The strange thing is that Take Me Home Tonight is actually great when it's not trying so hard. There's a moment...I don't know, a third of the way through where Matt, after completely humiliating himself in front of his longtime crush, lays (almost) all of it out. Yes, he's liked her for years. Yes, he's embarrassed himself in pretty much every way imaginable. Yes, he understands if she never talks to him again. Matt confesses that he's acting this way because he likes her so much that he doesn't know what to do with himself. Charming, sincere...it's kind of awesome. When Take Me Home Tonight is relaxed like that, I really enjoyed it. The first act is dragged down by lousy comedy and all the setup, the second act has a tendency to sag, but by the end...I mean, Dan Fogler's aside, I genuinely came to like all of these characters and would have loved to have seen them in a better movie. Being a child of that decade and all, I'm all over the '80s soundtrack, although I don't think anyone in 1989 when the movie's set would've been listening to this much New Wave. The screenplay's also lazy and predictable...one of those movies where someone says "at least it can't get any worse" and then a police siren kicks in. Take Me Home Tonight is kind of like someone who saw Risky Business eighteen years ago and is trying to remake it completely from memory. Totally disposable. Sporadically okay-to-pretty good. Mostly not. Rent It.

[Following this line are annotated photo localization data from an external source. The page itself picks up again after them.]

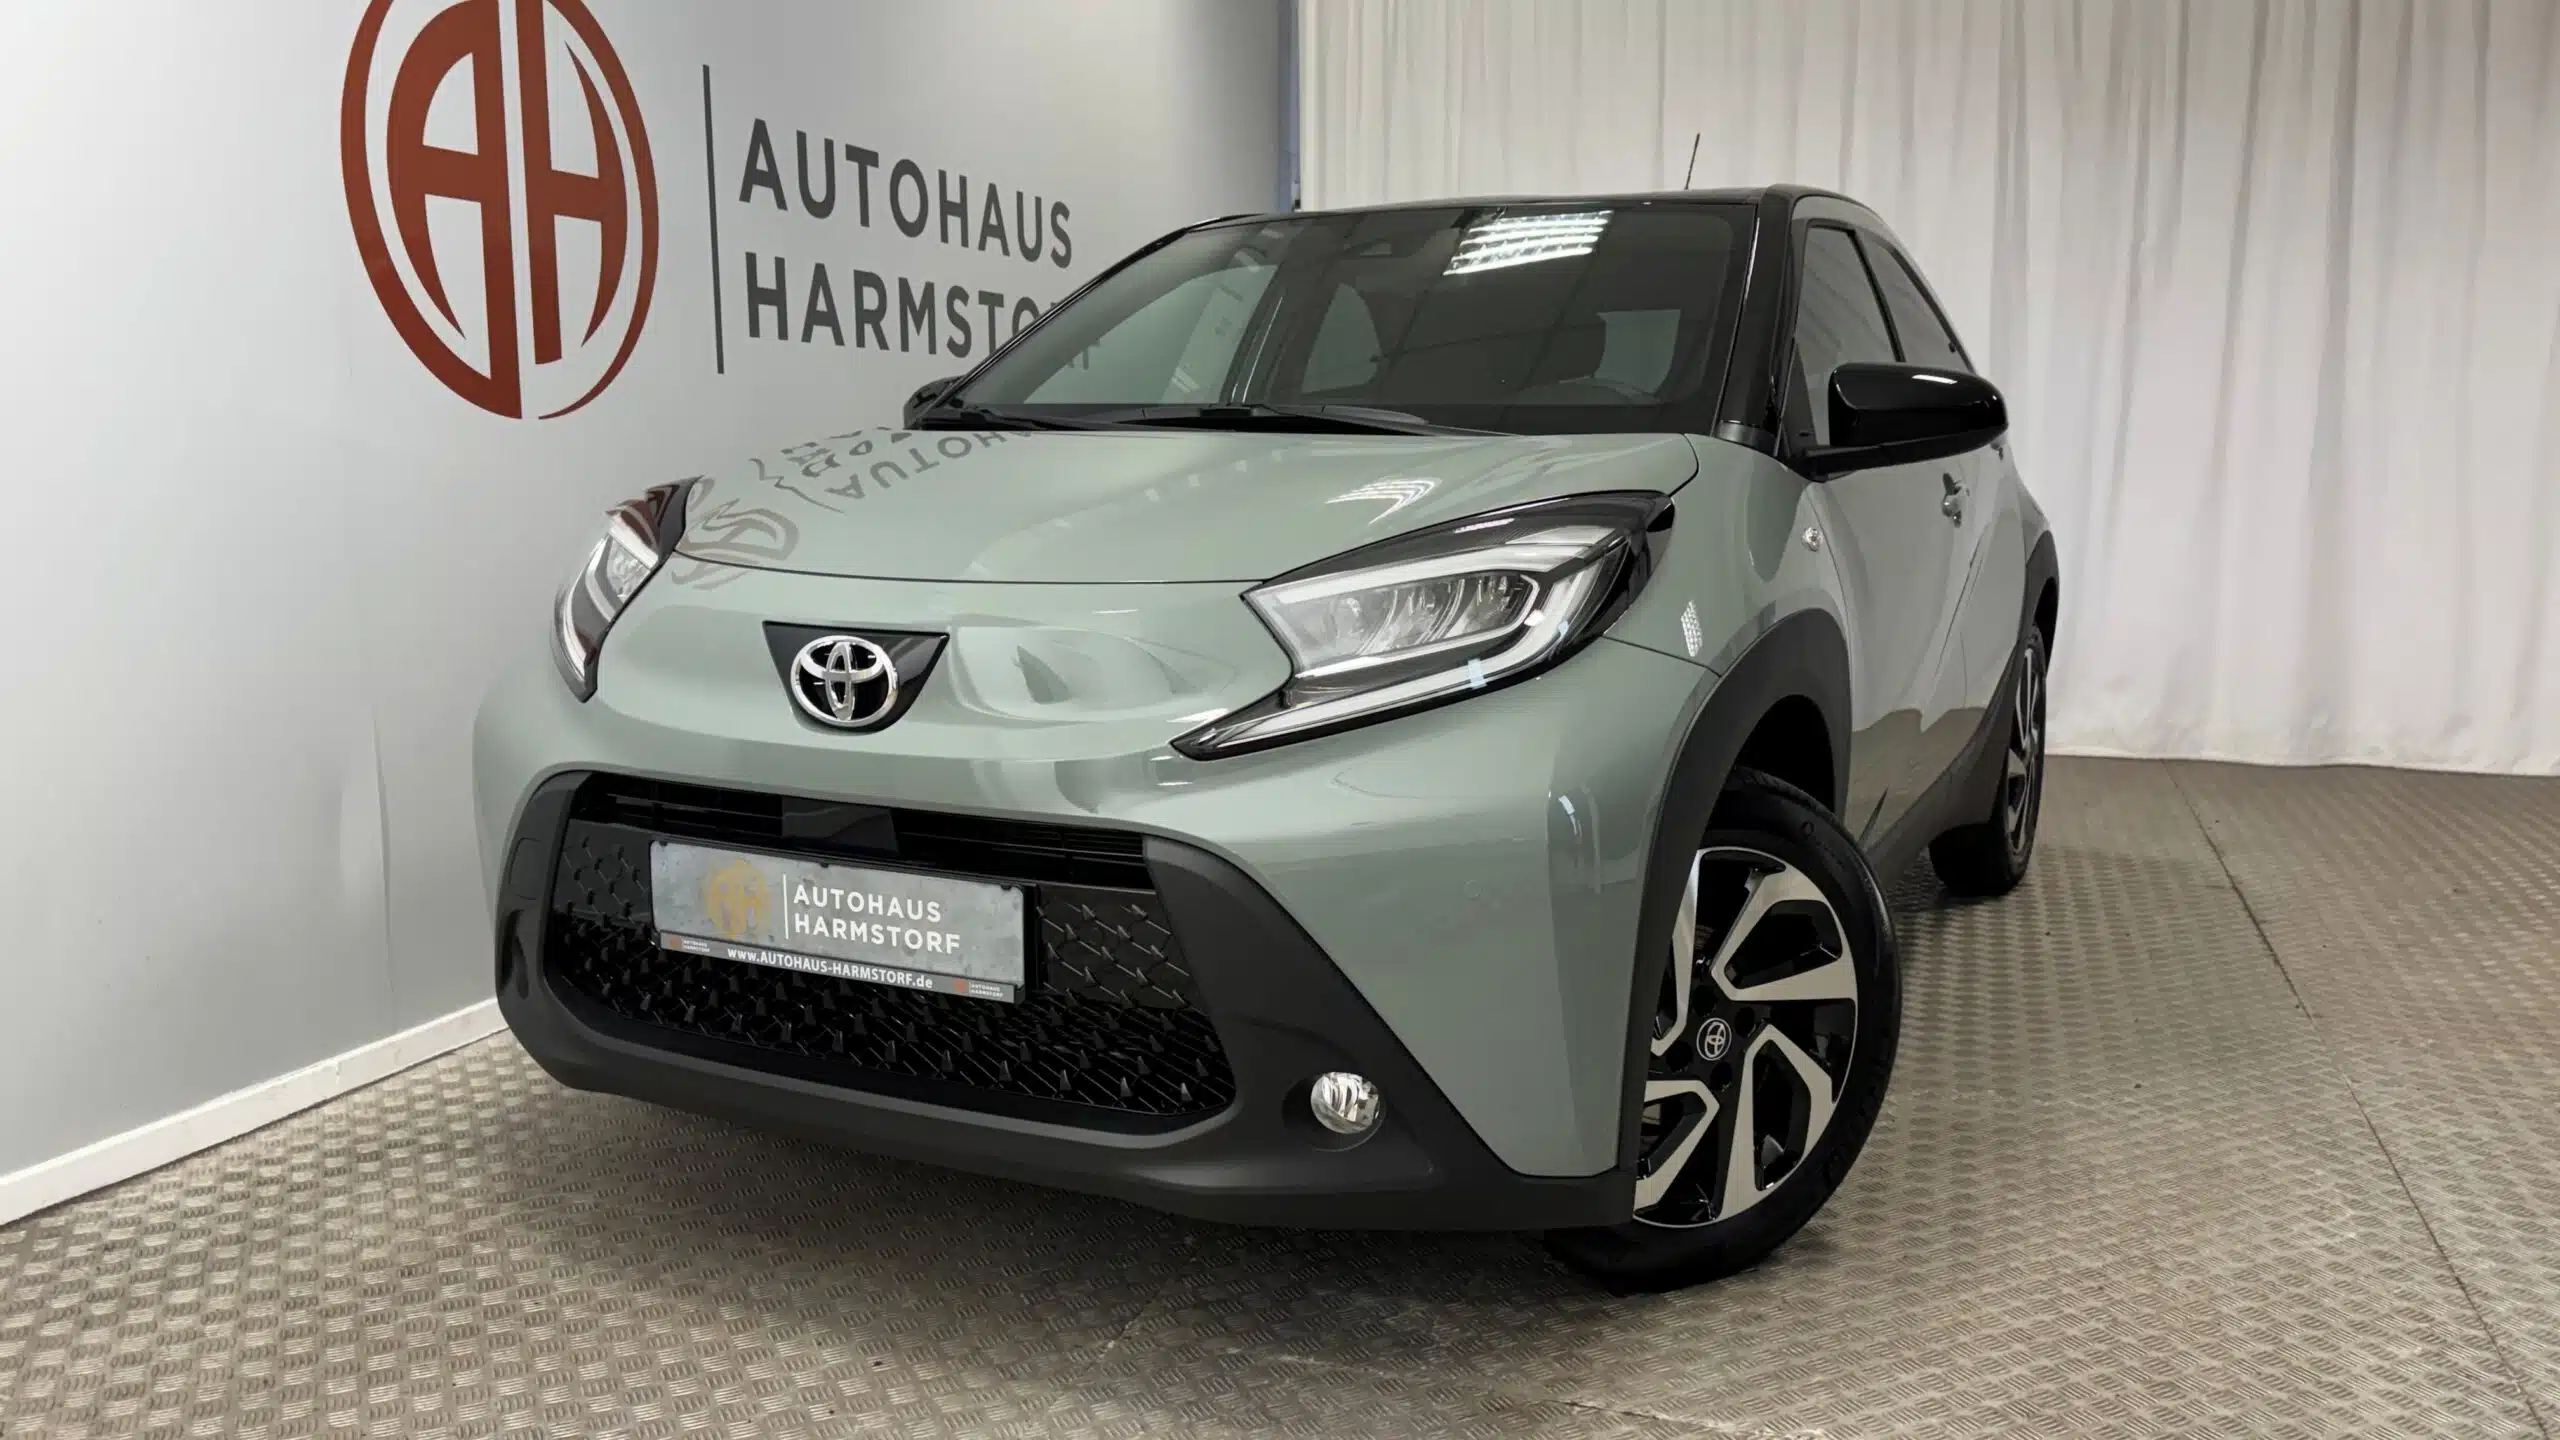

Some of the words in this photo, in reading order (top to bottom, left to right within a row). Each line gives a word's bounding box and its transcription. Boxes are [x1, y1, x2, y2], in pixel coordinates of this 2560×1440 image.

[738, 118, 1072, 269] AUTOHAUS
[744, 251, 1100, 372] HARMST
[792, 884, 942, 923] AUTOHAUS
[794, 914, 961, 955] HARMSTORF
[727, 947, 933, 990] www.AUTOHAUS-HARMSTORF.de

On the technical end of things, this Blu-ray disc is top shelf, but the reason there aren't all that many stars in the sidebar is kind of unavoidable: the cinematography just skews somewhat soft. It's obvious from the clarity of the grain structure that this dates back to the original photography, but there just isn't an eye-popping level of detail to unearth here. Still outclasses anything DVD could ever hope to deliver, of course. Those neon '80s colors are kinda dazzling, although the palette is surprisingly muddy otherwise. As expected for a movie fresh out of theaters, there's no trace of wear or speckling, and no edge haloes, compression artifacting, or smearing from overzealous noise reduction creep in either. Take Me Home Tonight looks about as great in high-def as it realistically can, but the soft-ish photography holds it back from really impressing.

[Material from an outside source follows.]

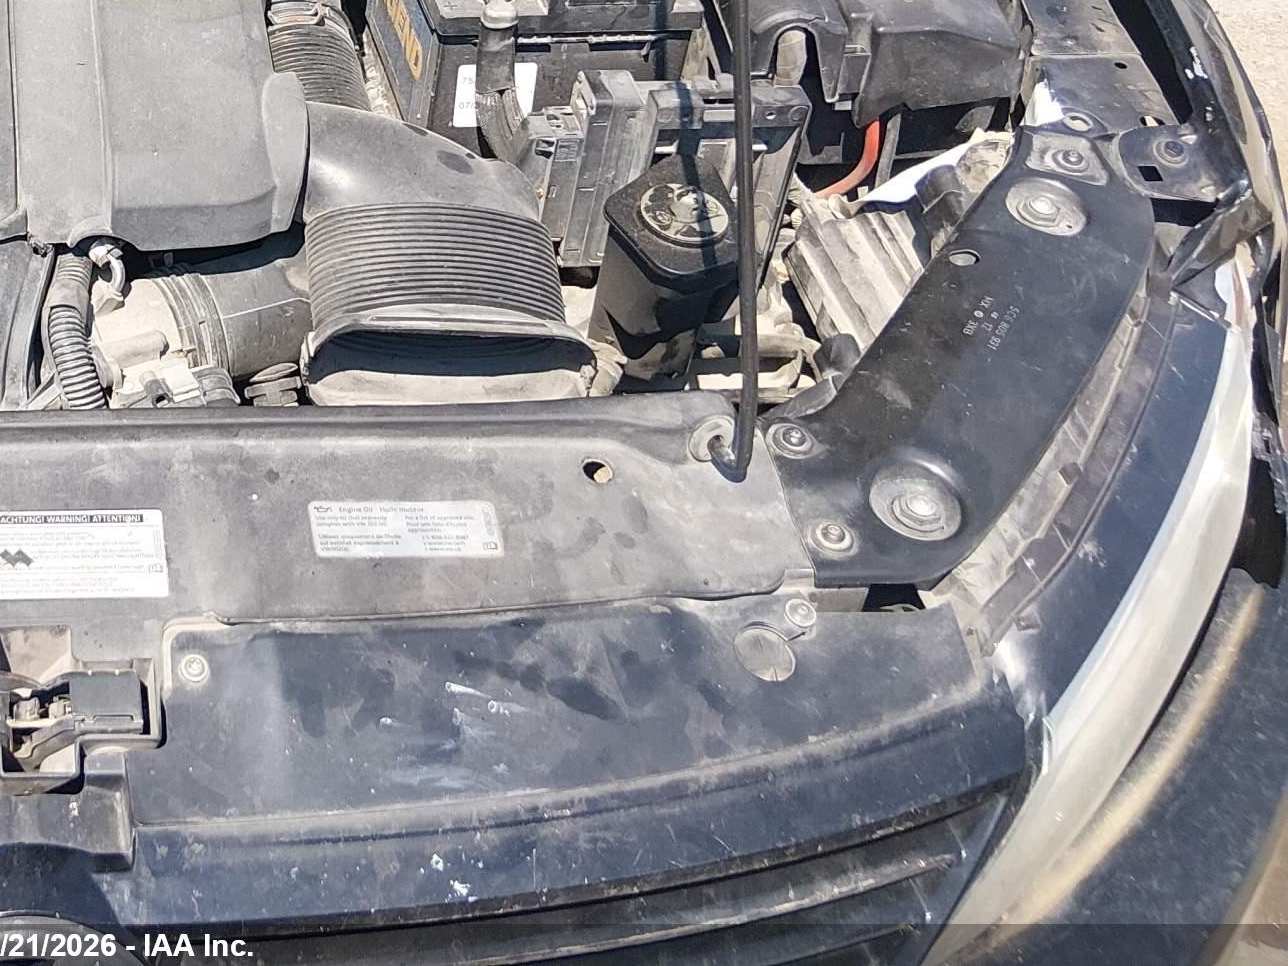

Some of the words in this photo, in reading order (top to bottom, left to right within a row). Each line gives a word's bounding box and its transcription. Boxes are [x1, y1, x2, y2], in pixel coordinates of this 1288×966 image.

[0, 515, 45, 524] ACHTUNG!
[46, 515, 91, 523] WARNING!
[92, 514, 141, 523] ATTENTION!

Take Me Home Tonight is presented in scope, and its AVC encode spans both layers of this BD-50 disc.

The 24-bit, six-channel DTS-HD Master Audio soundtrack is pretty much what you'd waltz in expecting for an '80s-flavored sex-comedy-drama-thingie. Dialogue is the focal point of the mix and is anchored front and center. Some lines get drowned out in the party sequences, but that's hardly a constant nuisance. Bass response is solid, owed mostly to the '80s mixtape soundtrack, along with scattered effects like pratfalls and a tumbling, gigantic metal ball. Crowd noise and music bleed into the surrounds, but the rear channels really aren't given much to do overall. Some high-speed skidding off the road is about as much of a showcase as the rears really get. Nothing that'll forever redefine the way you think of the sound of cinema or whatever, but it's perfectly serviceable for this sort of movie.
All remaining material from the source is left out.